Each of us has individual running style and foot pattern, but sometimes they can cause more harm than good. Runners often observe their foot stride length and cadence but forget stride width or feet position. We have spoken cadence earlier, you can find it here. Are you running like a duck or like more hit the catwalk?
Normal, Narrow vs wide stride
You may have seen some runners crossing over as they have been in the catwalk, or maybe you do it? It’s difficult to define the perfect angle of stride width, as there are so many factors. Overall can be said that too narrow stride increase risk of injury and problems, such as lateral stride pain, shin splints, lateral hip pain and it often creates more stress on the IT band and cause excessive tibial stress.
Whereas, too wide stride increase metabolic cost, which slows down the speed. But, on the other hand, wider stride can disperse forces to somewhere else. Wide stride, may cause supination and that away from other problems.
Like we noted earlier it’s difficult to define a correct width, as persons natural hip anatomic, hip wideness and running technique affects the width. You can easily check your stride by running on sand, snow or wet your bottom of your shoes. If you have pain or discomfort often, it might be signs of too narrow or too wide stride.
The width can be fixed, as it can also be due to weak or tight muscles, or overactive/inhibited muscles. The footprints should overlap only a little or not at all. Training later jumps/skipping, hip abductions (glutes), as well as lower back and abdominals, help to fix stride width.
Running like a duck? It’s not effective, slow-down and cost a lot of energy. For some people toe-out gait might be wider because of their natural anatomical hip position, for rest, it’s often due to tight or weak muscles or overactive/inhibited muscles, and can be fixed.

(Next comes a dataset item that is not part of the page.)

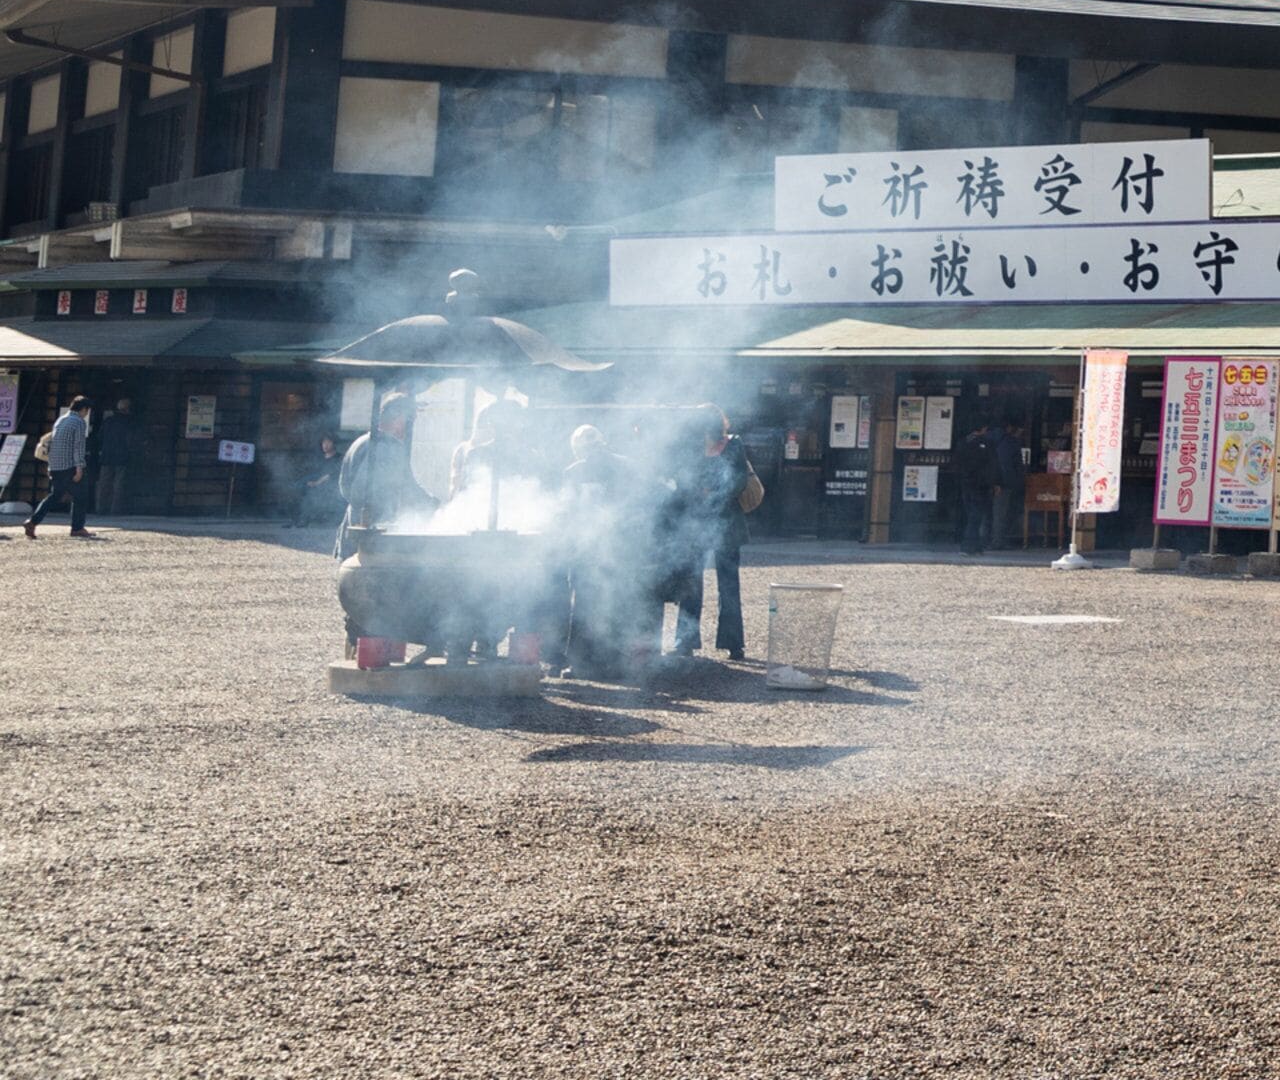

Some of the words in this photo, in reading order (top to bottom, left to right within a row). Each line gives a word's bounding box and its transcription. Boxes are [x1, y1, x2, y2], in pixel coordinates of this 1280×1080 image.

[817, 153, 1165, 220] ご祈祷受付
[1225, 366, 1266, 384] 七五三
[1177, 366, 1204, 514] 七五三まつり

Normal angle of gait is around 5 degree. The wider angle often causes piriformis syndrome, medial tibial stress syndrome (shin splint), plantar fasciitis, medial knee pain. Toe out gait can be figured the same way as foot stride width, running on the surface where you can see your footprints.
Toe-out posture can be caused by posterior pelvic tilt, hip external rotation, tibial external rotation, limited ankle dorsiflexion, foot pronation or all of these. Depending on where the problem occurs, the exercises take place. If the problems are hip area focus on the tightness of abdominal, glutes and hamstrings areas. Or if the problem is below the knee focus on the calves, shins and feet. Remember take account side different, if your other foot is normal and other is more toed out, is there are more tightness or weakness on the other side.
Sports Biomech. 2012 Nov;11(4):464-72. Meardon SA, Campbell S, Derrick TR. Step width alters iliotibial band strain during running.
Meardon, S. A.; Campbell, S.; Derrick, T. R., Step width alters iliotibial band strain during running. Sports Biomechanics 2012, 11 (4), 464-472.